▶ Required action
Repeat exactly every line that comes at or after the line containing "this 1280×1707 image.", through the end of the entries below.

+++ Input for this task +++

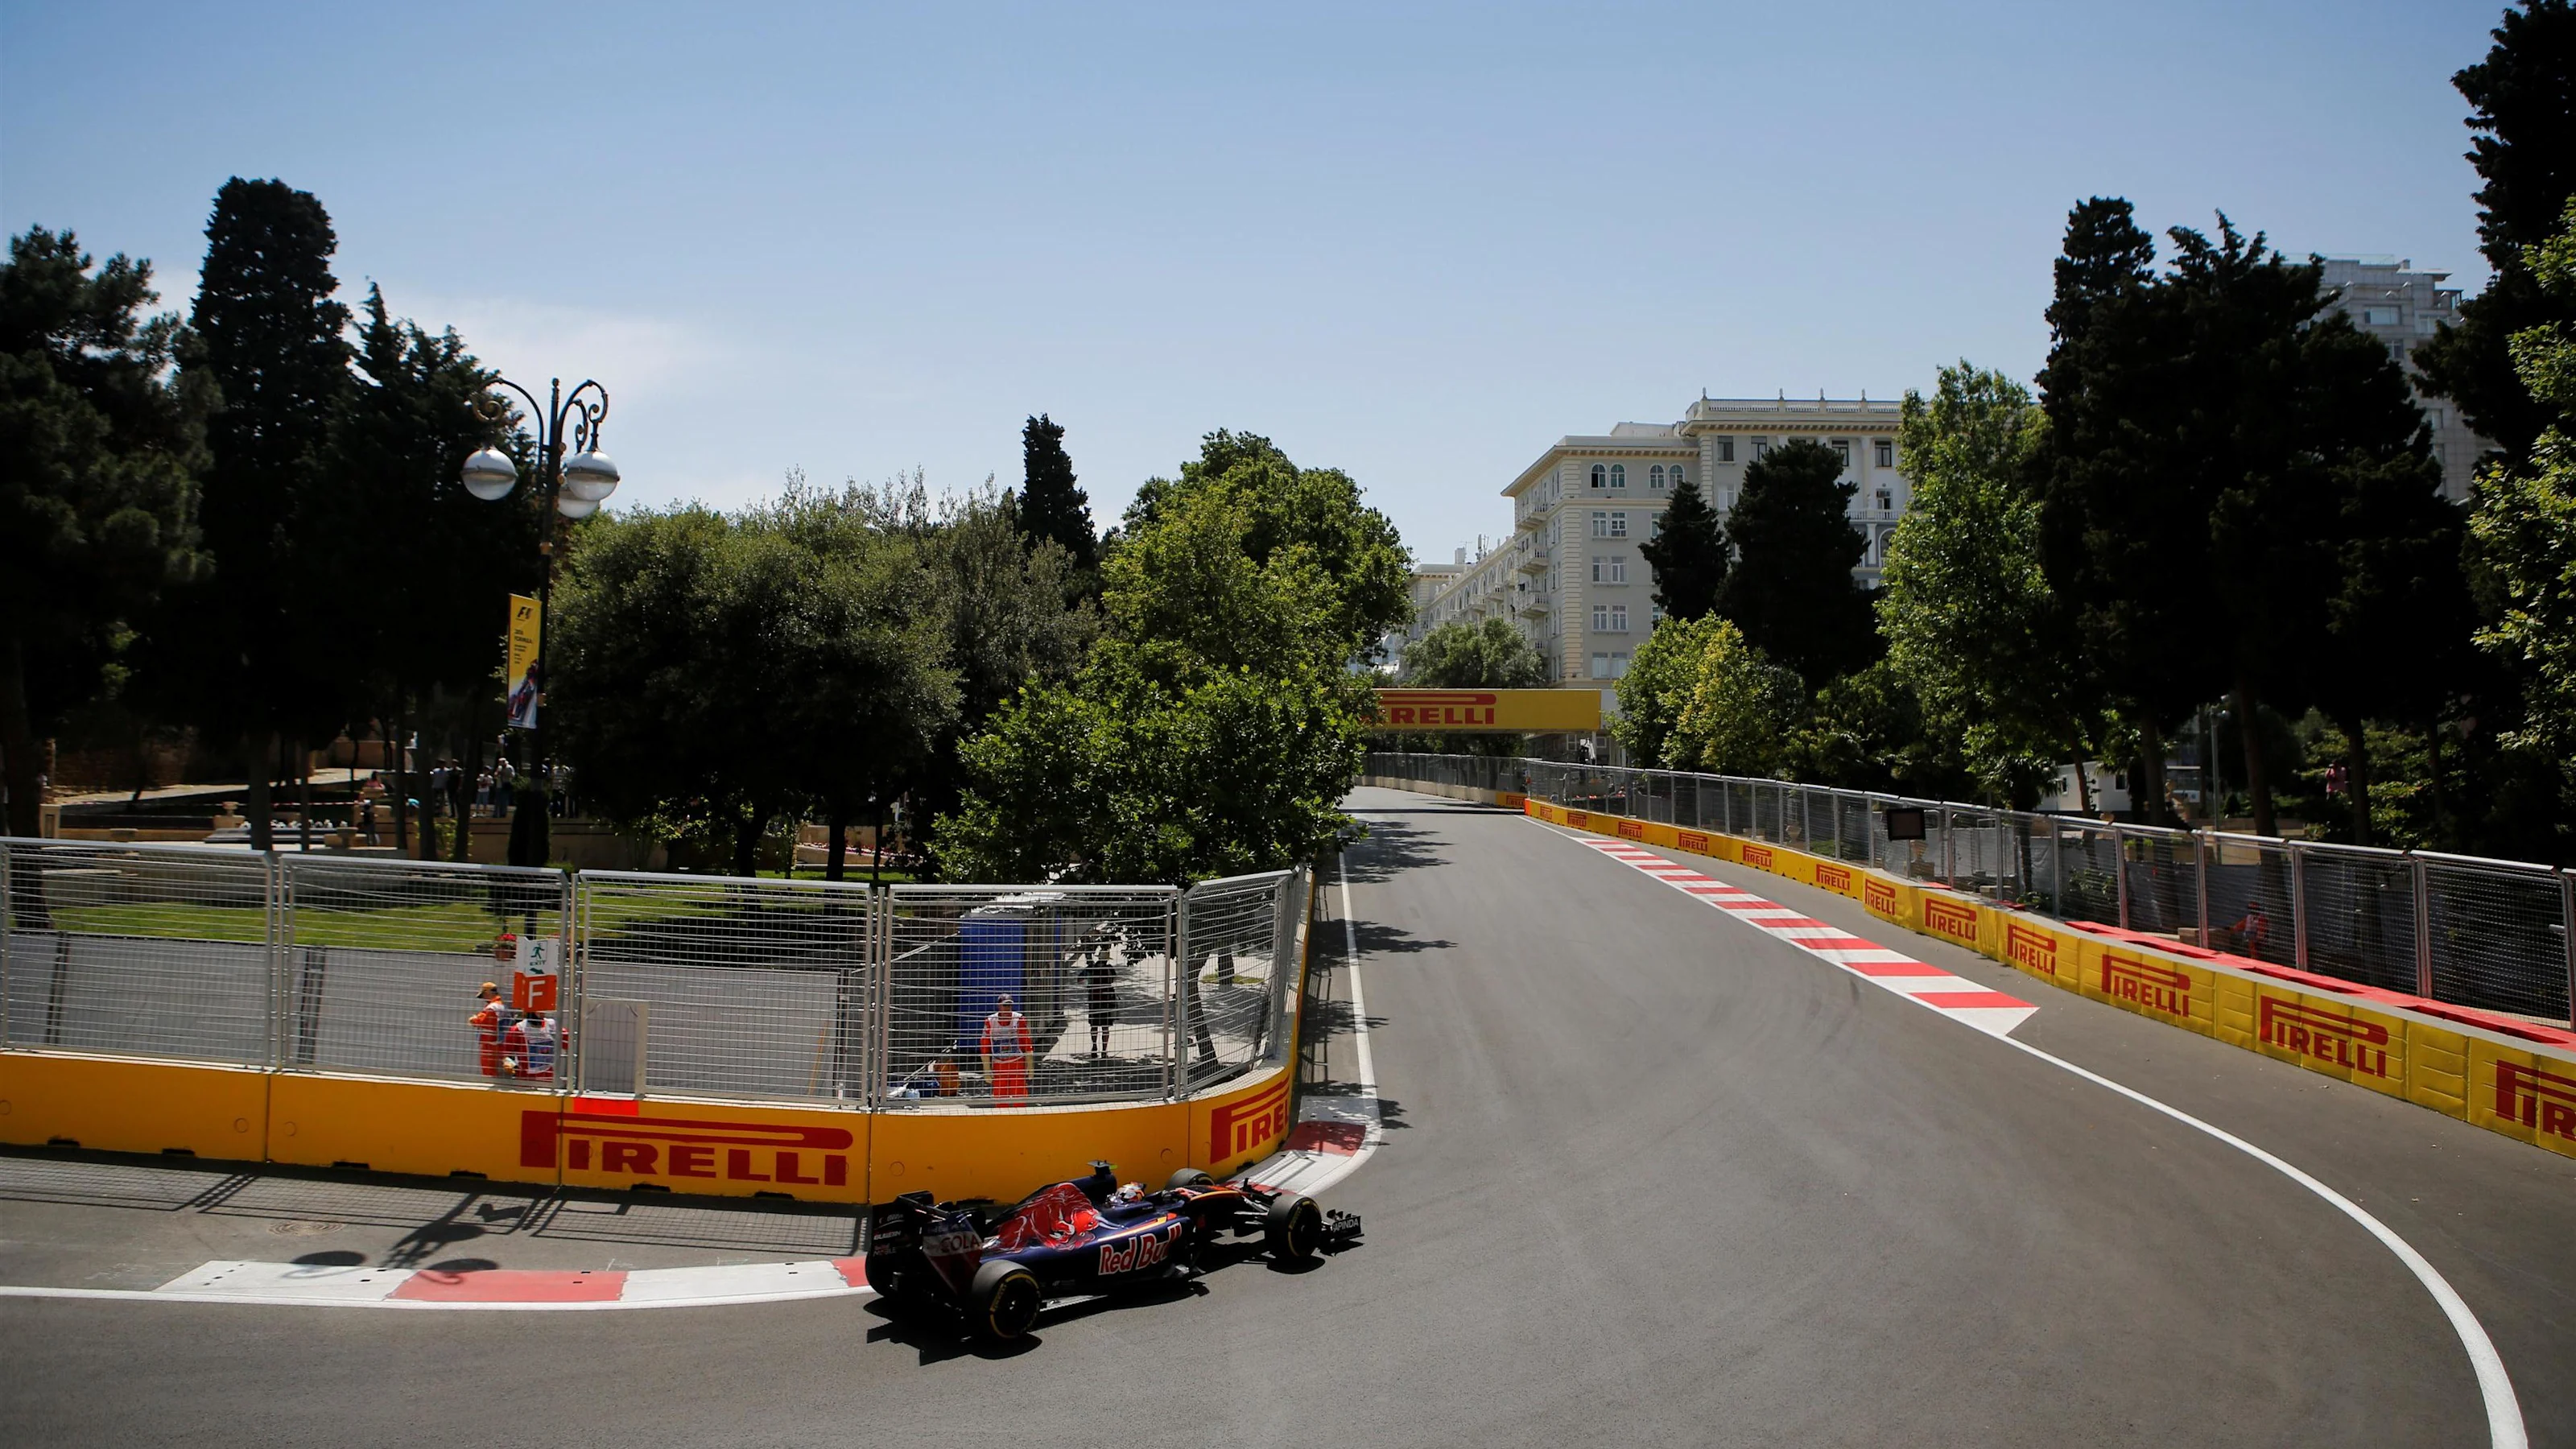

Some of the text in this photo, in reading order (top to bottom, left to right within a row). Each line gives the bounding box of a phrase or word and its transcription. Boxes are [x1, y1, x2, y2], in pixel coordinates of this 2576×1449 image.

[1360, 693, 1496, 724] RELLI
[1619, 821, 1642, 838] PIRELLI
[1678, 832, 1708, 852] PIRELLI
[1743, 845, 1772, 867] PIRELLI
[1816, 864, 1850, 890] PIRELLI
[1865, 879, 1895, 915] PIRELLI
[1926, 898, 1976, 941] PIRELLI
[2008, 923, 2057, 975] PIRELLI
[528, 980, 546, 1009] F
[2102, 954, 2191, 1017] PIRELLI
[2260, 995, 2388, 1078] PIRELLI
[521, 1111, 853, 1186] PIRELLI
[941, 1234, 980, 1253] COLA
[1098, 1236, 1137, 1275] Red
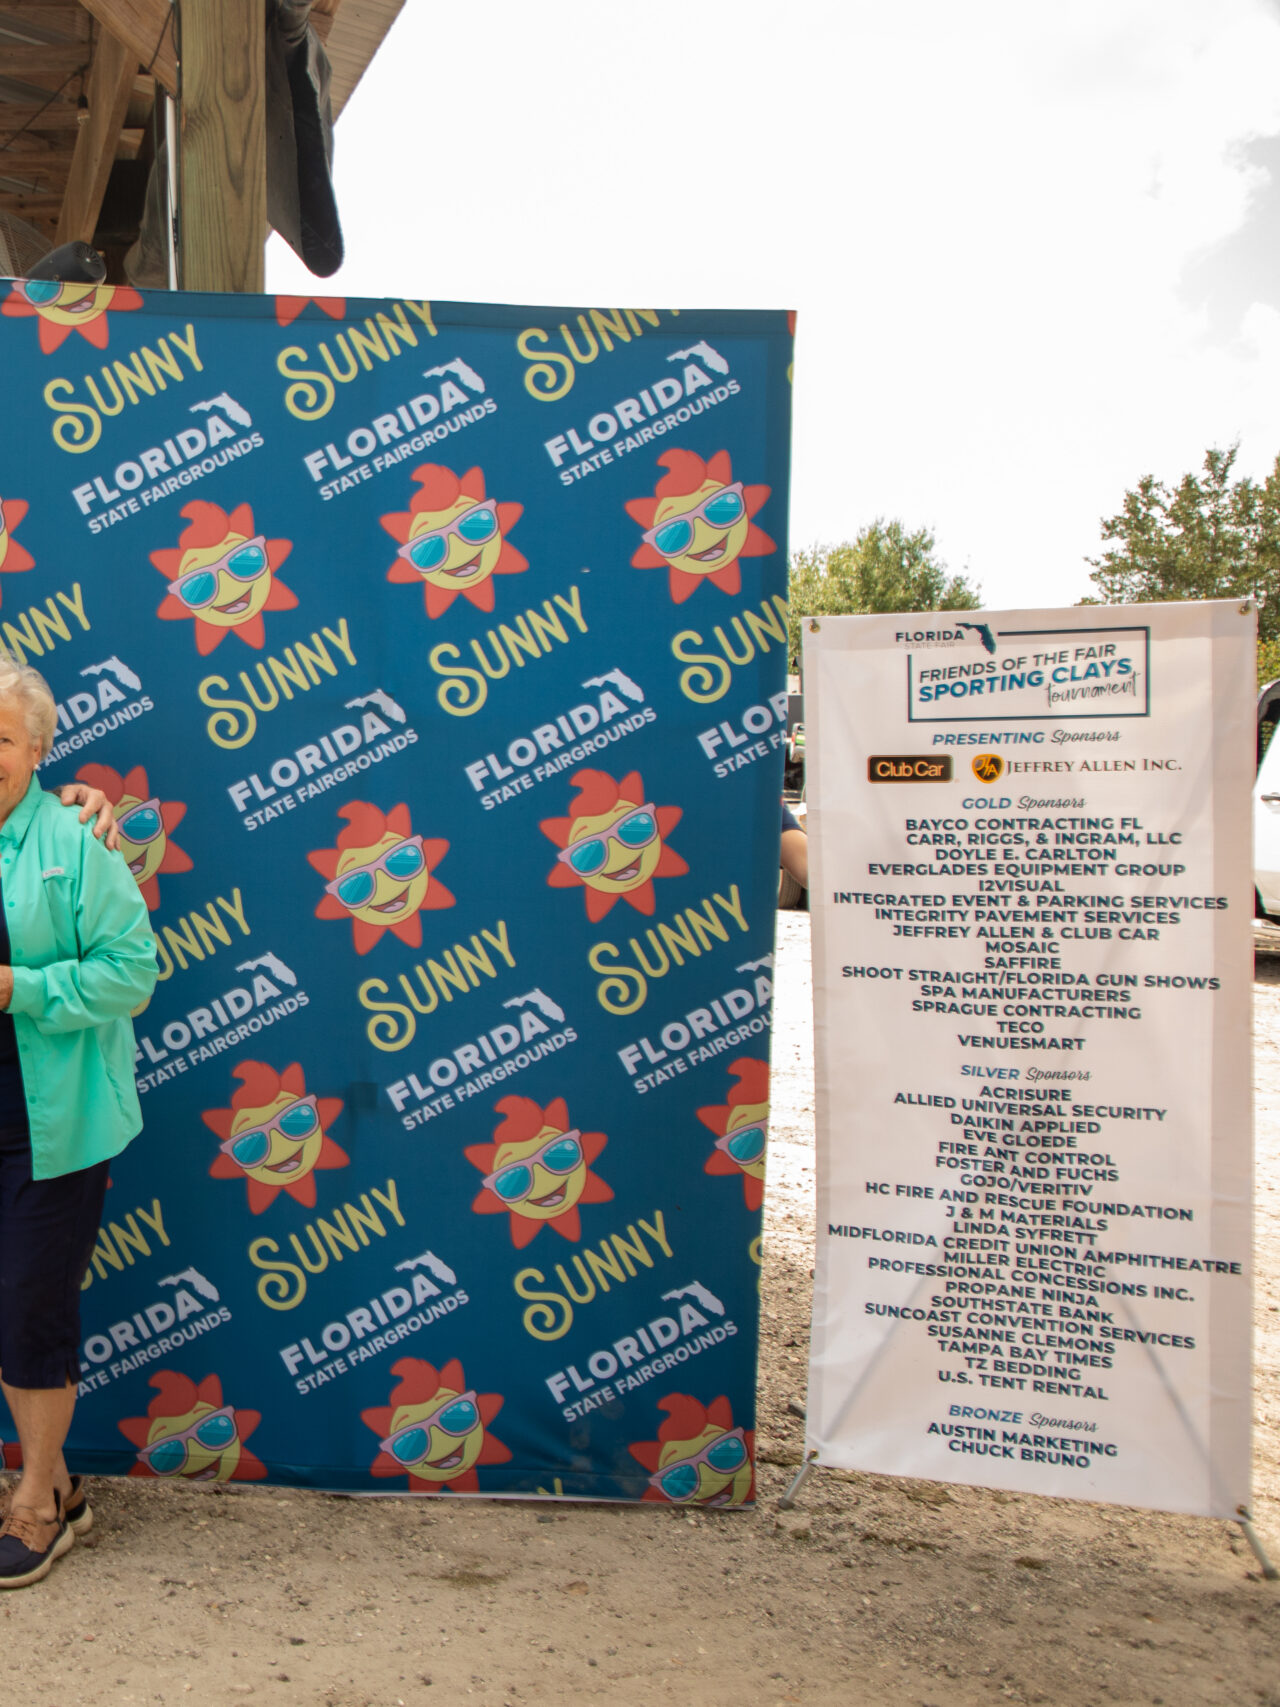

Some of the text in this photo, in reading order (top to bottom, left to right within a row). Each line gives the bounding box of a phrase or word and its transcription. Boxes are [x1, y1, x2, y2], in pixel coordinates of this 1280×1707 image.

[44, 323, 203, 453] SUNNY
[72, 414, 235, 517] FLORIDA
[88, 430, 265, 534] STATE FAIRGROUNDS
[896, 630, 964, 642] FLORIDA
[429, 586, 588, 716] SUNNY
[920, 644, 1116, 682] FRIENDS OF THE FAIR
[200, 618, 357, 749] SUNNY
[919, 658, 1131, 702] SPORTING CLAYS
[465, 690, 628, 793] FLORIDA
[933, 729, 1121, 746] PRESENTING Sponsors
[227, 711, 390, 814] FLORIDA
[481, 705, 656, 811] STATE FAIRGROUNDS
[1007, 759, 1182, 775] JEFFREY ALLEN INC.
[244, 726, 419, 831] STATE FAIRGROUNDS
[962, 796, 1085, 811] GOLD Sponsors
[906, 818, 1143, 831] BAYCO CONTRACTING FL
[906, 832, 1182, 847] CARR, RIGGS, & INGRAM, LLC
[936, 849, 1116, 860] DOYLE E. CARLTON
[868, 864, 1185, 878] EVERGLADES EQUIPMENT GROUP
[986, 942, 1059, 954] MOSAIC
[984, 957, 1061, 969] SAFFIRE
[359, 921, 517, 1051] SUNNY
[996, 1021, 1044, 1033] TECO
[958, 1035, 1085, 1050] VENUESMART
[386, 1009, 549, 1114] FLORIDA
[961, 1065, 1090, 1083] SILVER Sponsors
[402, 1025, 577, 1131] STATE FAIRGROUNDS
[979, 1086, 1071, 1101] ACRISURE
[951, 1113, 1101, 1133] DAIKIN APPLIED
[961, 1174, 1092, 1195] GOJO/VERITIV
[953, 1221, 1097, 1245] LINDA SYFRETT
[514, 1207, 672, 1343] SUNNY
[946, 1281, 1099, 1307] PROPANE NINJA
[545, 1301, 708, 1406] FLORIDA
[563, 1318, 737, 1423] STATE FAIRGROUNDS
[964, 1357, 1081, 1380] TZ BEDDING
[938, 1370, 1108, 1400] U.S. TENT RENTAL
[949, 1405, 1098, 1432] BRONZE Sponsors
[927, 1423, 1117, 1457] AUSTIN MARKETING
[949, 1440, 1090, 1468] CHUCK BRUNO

+++

▶ Result
Some of the text in this photo, in reading order (top to bottom, left to right within a row). Each line gives the bounding box of a phrase or word and its transcription. Boxes are [x1, y1, x2, y2], in pixel coordinates of this 1280×1707 image.

[44, 323, 203, 453] SUNNY
[72, 414, 235, 517] FLORIDA
[88, 430, 265, 534] STATE FAIRGROUNDS
[896, 630, 964, 642] FLORIDA
[429, 586, 588, 716] SUNNY
[920, 644, 1116, 682] FRIENDS OF THE FAIR
[200, 618, 357, 749] SUNNY
[919, 658, 1131, 702] SPORTING CLAYS
[465, 690, 628, 793] FLORIDA
[933, 729, 1121, 746] PRESENTING Sponsors
[227, 711, 390, 814] FLORIDA
[481, 705, 656, 811] STATE FAIRGROUNDS
[1007, 759, 1182, 775] JEFFREY ALLEN INC.
[244, 726, 419, 831] STATE FAIRGROUNDS
[962, 796, 1085, 811] GOLD Sponsors
[906, 818, 1143, 831] BAYCO CONTRACTING FL
[906, 832, 1182, 847] CARR, RIGGS, & INGRAM, LLC
[936, 849, 1116, 860] DOYLE E. CARLTON
[868, 864, 1185, 878] EVERGLADES EQUIPMENT GROUP
[986, 942, 1059, 954] MOSAIC
[984, 957, 1061, 969] SAFFIRE
[359, 921, 517, 1051] SUNNY
[996, 1021, 1044, 1033] TECO
[958, 1035, 1085, 1050] VENUESMART
[386, 1009, 549, 1114] FLORIDA
[961, 1065, 1090, 1083] SILVER Sponsors
[402, 1025, 577, 1131] STATE FAIRGROUNDS
[979, 1086, 1071, 1101] ACRISURE
[951, 1113, 1101, 1133] DAIKIN APPLIED
[961, 1174, 1092, 1195] GOJO/VERITIV
[953, 1221, 1097, 1245] LINDA SYFRETT
[514, 1207, 672, 1343] SUNNY
[946, 1281, 1099, 1307] PROPANE NINJA
[545, 1301, 708, 1406] FLORIDA
[563, 1318, 737, 1423] STATE FAIRGROUNDS
[964, 1357, 1081, 1380] TZ BEDDING
[938, 1370, 1108, 1400] U.S. TENT RENTAL
[949, 1405, 1098, 1432] BRONZE Sponsors
[927, 1423, 1117, 1457] AUSTIN MARKETING
[949, 1440, 1090, 1468] CHUCK BRUNO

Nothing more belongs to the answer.